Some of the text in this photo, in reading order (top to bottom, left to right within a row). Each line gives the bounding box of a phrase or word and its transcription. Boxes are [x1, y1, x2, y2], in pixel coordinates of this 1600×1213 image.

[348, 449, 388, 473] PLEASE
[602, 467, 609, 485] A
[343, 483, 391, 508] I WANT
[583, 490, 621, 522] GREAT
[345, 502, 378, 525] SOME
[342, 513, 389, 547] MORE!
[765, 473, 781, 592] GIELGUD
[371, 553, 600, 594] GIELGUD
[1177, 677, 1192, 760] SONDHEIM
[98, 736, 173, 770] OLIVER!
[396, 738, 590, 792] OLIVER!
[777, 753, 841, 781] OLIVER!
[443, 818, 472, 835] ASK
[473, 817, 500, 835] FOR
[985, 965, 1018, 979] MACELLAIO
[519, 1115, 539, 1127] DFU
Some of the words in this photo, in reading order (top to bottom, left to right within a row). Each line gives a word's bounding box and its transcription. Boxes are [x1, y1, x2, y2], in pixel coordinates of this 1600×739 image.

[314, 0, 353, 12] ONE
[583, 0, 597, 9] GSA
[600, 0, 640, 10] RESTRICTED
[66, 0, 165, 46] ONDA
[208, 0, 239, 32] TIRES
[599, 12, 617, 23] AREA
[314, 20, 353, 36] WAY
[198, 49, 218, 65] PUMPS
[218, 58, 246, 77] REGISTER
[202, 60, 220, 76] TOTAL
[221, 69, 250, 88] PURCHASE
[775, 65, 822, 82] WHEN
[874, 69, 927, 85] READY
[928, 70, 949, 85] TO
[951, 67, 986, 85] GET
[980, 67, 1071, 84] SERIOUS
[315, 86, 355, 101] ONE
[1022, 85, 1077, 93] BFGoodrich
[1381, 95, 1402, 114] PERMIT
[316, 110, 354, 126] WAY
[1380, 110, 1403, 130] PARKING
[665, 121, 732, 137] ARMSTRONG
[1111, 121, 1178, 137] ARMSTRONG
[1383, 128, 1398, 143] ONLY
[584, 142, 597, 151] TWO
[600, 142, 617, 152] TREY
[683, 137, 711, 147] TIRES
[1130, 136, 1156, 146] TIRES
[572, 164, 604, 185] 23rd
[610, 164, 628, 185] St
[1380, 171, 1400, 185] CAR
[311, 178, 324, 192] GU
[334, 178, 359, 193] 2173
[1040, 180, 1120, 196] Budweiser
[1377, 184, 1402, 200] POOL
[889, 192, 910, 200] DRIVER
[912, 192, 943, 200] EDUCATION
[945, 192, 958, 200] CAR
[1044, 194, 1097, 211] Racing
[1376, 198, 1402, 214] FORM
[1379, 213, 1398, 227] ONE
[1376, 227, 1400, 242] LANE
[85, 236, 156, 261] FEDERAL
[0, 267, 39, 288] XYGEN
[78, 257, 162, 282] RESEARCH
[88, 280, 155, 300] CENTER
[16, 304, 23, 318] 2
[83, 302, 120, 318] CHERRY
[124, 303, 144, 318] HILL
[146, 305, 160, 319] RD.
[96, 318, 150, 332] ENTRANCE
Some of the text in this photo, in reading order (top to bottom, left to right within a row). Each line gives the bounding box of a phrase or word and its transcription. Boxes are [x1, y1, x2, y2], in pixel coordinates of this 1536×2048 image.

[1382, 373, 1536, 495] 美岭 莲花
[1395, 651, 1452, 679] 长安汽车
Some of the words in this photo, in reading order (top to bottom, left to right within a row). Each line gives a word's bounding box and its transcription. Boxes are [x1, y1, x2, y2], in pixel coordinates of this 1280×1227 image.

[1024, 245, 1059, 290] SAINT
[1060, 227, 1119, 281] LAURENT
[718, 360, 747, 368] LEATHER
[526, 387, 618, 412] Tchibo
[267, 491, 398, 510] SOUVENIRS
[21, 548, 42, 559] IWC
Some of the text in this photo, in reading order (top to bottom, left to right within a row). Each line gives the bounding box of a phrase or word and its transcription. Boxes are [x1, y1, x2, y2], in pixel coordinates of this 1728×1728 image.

━━━━━━━━━━━━━━━━━━━━━━━━━━━━━━

■ Instructions for the task ■
What you return must match the records above exactly, line for line.

■ Solution for this exercise ■
Some of the text in this photo, in reading order (top to bottom, left to right within a row). Each line gives the bounding box of a phrase or word and its transcription. Boxes are [x1, y1, x2, y2], in pixel coordinates of this 1600×1213 image.

[348, 449, 388, 473] PLEASE
[602, 467, 609, 485] A
[343, 483, 391, 508] I WANT
[583, 490, 621, 522] GREAT
[345, 502, 378, 525] SOME
[342, 513, 389, 547] MORE!
[765, 473, 781, 592] GIELGUD
[371, 553, 600, 594] GIELGUD
[1177, 677, 1192, 760] SONDHEIM
[98, 736, 173, 770] OLIVER!
[396, 738, 590, 792] OLIVER!
[777, 753, 841, 781] OLIVER!
[443, 818, 472, 835] ASK
[473, 817, 500, 835] FOR
[985, 965, 1018, 979] MACELLAIO
[519, 1115, 539, 1127] DFU
Some of the words in this photo, in reading order (top to bottom, left to right within a row). Each line gives a word's bounding box and its transcription. Boxes are [x1, y1, x2, y2], in pixel coordinates of this 1600×739 image.

[314, 0, 353, 12] ONE
[583, 0, 597, 9] GSA
[600, 0, 640, 10] RESTRICTED
[66, 0, 165, 46] ONDA
[208, 0, 239, 32] TIRES
[599, 12, 617, 23] AREA
[314, 20, 353, 36] WAY
[198, 49, 218, 65] PUMPS
[218, 58, 246, 77] REGISTER
[202, 60, 220, 76] TOTAL
[221, 69, 250, 88] PURCHASE
[775, 65, 822, 82] WHEN
[874, 69, 927, 85] READY
[928, 70, 949, 85] TO
[951, 67, 986, 85] GET
[980, 67, 1071, 84] SERIOUS
[315, 86, 355, 101] ONE
[1022, 85, 1077, 93] BFGoodrich
[1381, 95, 1402, 114] PERMIT
[316, 110, 354, 126] WAY
[1380, 110, 1403, 130] PARKING
[665, 121, 732, 137] ARMSTRONG
[1111, 121, 1178, 137] ARMSTRONG
[1383, 128, 1398, 143] ONLY
[584, 142, 597, 151] TWO
[600, 142, 617, 152] TREY
[683, 137, 711, 147] TIRES
[1130, 136, 1156, 146] TIRES
[572, 164, 604, 185] 23rd
[610, 164, 628, 185] St
[1380, 171, 1400, 185] CAR
[311, 178, 324, 192] GU
[334, 178, 359, 193] 2173
[1040, 180, 1120, 196] Budweiser
[1377, 184, 1402, 200] POOL
[889, 192, 910, 200] DRIVER
[912, 192, 943, 200] EDUCATION
[945, 192, 958, 200] CAR
[1044, 194, 1097, 211] Racing
[1376, 198, 1402, 214] FORM
[1379, 213, 1398, 227] ONE
[1376, 227, 1400, 242] LANE
[85, 236, 156, 261] FEDERAL
[0, 267, 39, 288] XYGEN
[78, 257, 162, 282] RESEARCH
[88, 280, 155, 300] CENTER
[16, 304, 23, 318] 2
[83, 302, 120, 318] CHERRY
[124, 303, 144, 318] HILL
[146, 305, 160, 319] RD.
[96, 318, 150, 332] ENTRANCE
Some of the text in this photo, in reading order (top to bottom, left to right within a row). Each line gives the bounding box of a phrase or word and its transcription. Boxes are [x1, y1, x2, y2], in pixel coordinates of this 1536×2048 image.

[1382, 373, 1536, 495] 美岭 莲花
[1395, 651, 1452, 679] 长安汽车
Some of the words in this photo, in reading order (top to bottom, left to right within a row). Each line gives a word's bounding box and its transcription. Boxes are [x1, y1, x2, y2], in pixel coordinates of this 1280×1227 image.

[1024, 245, 1059, 290] SAINT
[1060, 227, 1119, 281] LAURENT
[718, 360, 747, 368] LEATHER
[526, 387, 618, 412] Tchibo
[267, 491, 398, 510] SOUVENIRS
[21, 548, 42, 559] IWC
Some of the text in this photo, in reading order (top to bottom, left to right within a row). Each line gives the bounding box of a phrase or word and its transcription. Boxes are [x1, y1, x2, y2], in pixel coordinates of this 1728×1728 image.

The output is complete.